Exercise description:
Only the pictures are dropped. Restate each line below word for word.

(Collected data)

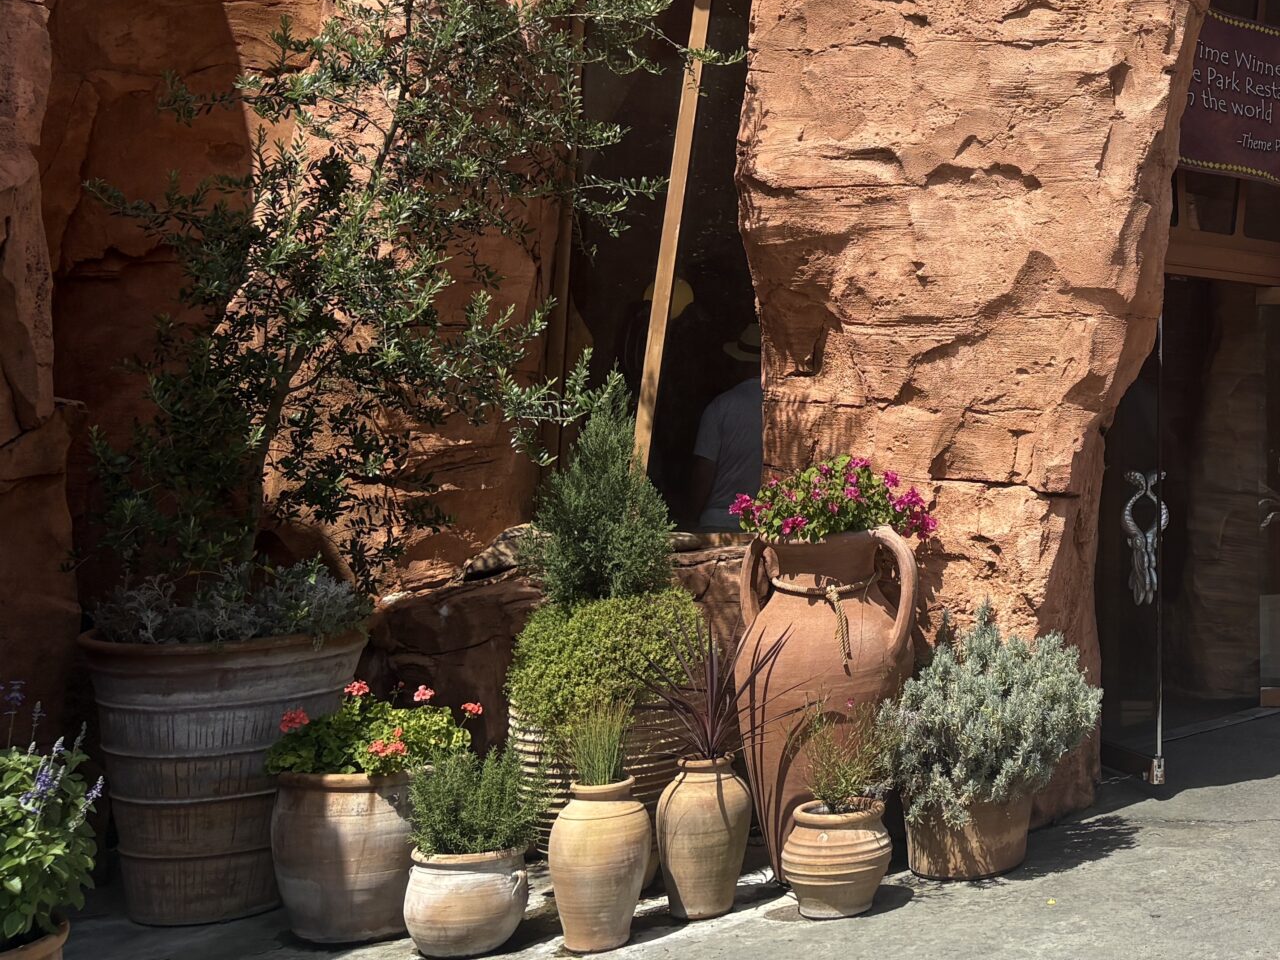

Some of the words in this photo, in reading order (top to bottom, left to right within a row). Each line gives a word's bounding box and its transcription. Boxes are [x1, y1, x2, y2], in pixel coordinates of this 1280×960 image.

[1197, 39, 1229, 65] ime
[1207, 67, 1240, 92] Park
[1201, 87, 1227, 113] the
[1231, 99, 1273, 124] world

Task output:
Some of the words in this photo, in reading order (top to bottom, left to right within a row). Each line gives a word's bounding box and its transcription. Boxes are [x1, y1, x2, y2], in pixel coordinates of this 1280×960 image.

[1197, 39, 1229, 65] ime
[1207, 67, 1240, 92] Park
[1201, 87, 1227, 113] the
[1231, 99, 1273, 124] world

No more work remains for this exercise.